For better and for worse, Ronnie lives and breathes his restaurant. Has done ever since he opened it , in then deeply unfashionable St Kilda in January 1988 . Nearly 20 years on, the two–hatted Café Di Stasio is as fresh, compelling and incomparable as ever.


In some ways it’s old-fashioned. There has never been a celebrity chef at Di Stasio. Like the classic dining rooms of Europe, it’s a restaurateur’s restaurant, run by someone with a deep understanding of the art of hospitality and backed up by a strong maitre d’’ (Mallory Wall). The food is wonderful, in a casual, understated, very Italian way; the mood clubby, bohemian, seductive.

It’s owner is a restaurant industry luminary. “Ronnie applies a level of energy and manic attention to detail that most people just cannot sustain,” says his friend and fellow restaurateur Chris Lucas, who names him Australia’s best restaurateur in the book “Botanical” by Paul Wilson. “It’s very, very hard to stay that focused over such a long period.”

So how does Di Stasio maintain this paternally obsessive level of involvement? Probably only the man himself could answer that. One thing’s for certain ; there’s only one Café Di Stasio. And there’s only one Ronnie – a fact the man himself would be the first to say is a bloody good thing. Or something like that but more strongly worded.

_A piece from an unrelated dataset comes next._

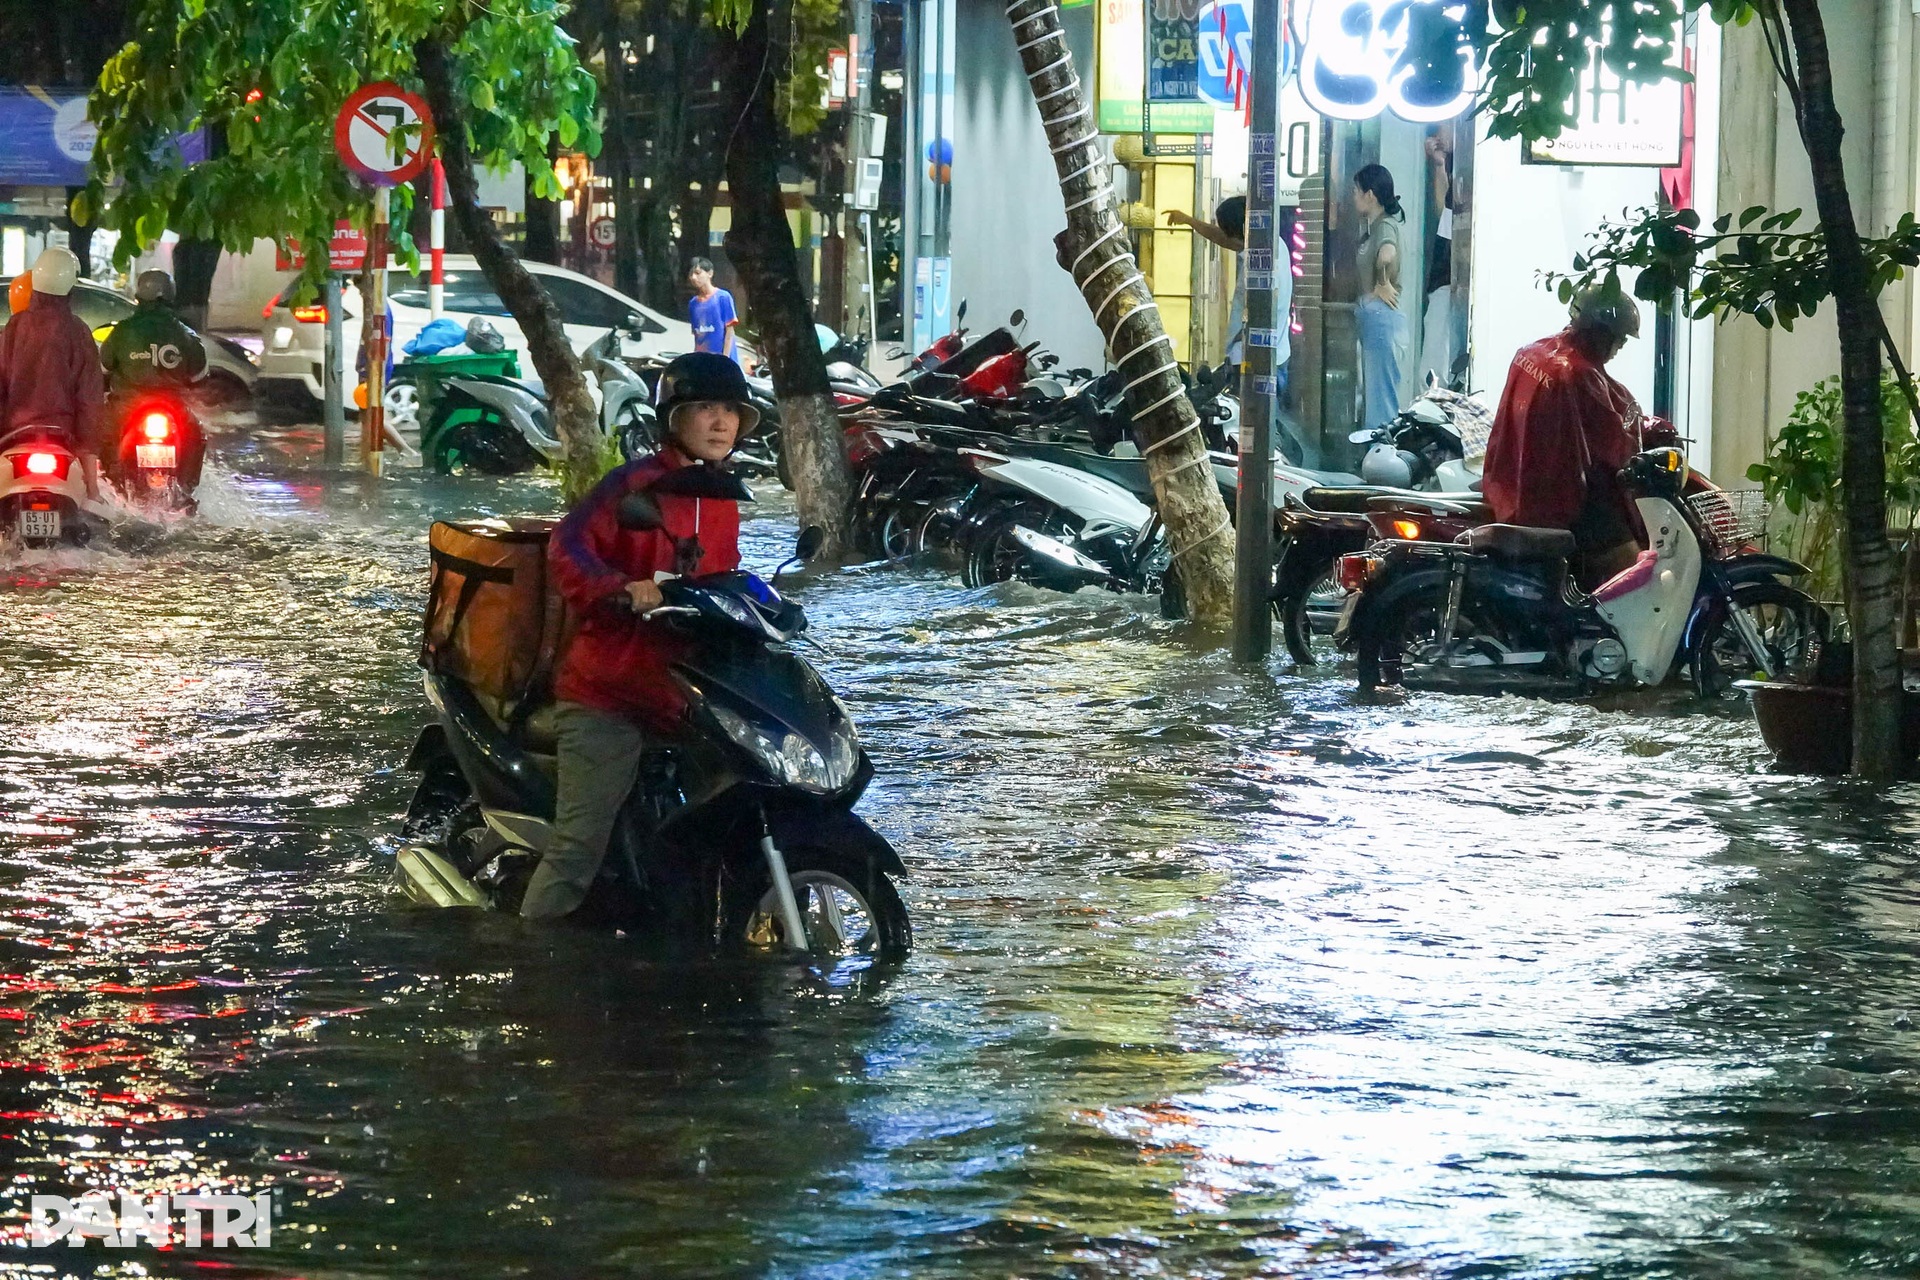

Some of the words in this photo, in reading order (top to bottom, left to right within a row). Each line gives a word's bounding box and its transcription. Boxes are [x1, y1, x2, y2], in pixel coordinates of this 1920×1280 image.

[1159, 39, 1197, 61] CA
[26, 512, 54, 523] 65-U1
[26, 524, 55, 536] 9537

Necia Wilden, Epicure, The Age

Enigmatic, occasionally petulant, even childlike. It’s all been said about Rinaldo Di Stasio. What’s less often acknowledged is his vision as a restaurateur , his professional influence among his peers and the almost unheard of longevity of Café Di Stasio –approaching 20 years – as one of Melbourne’s coolest dining rooms, the result of almost constant micro-refinement and re-evaluation by an obsessive “patrone’.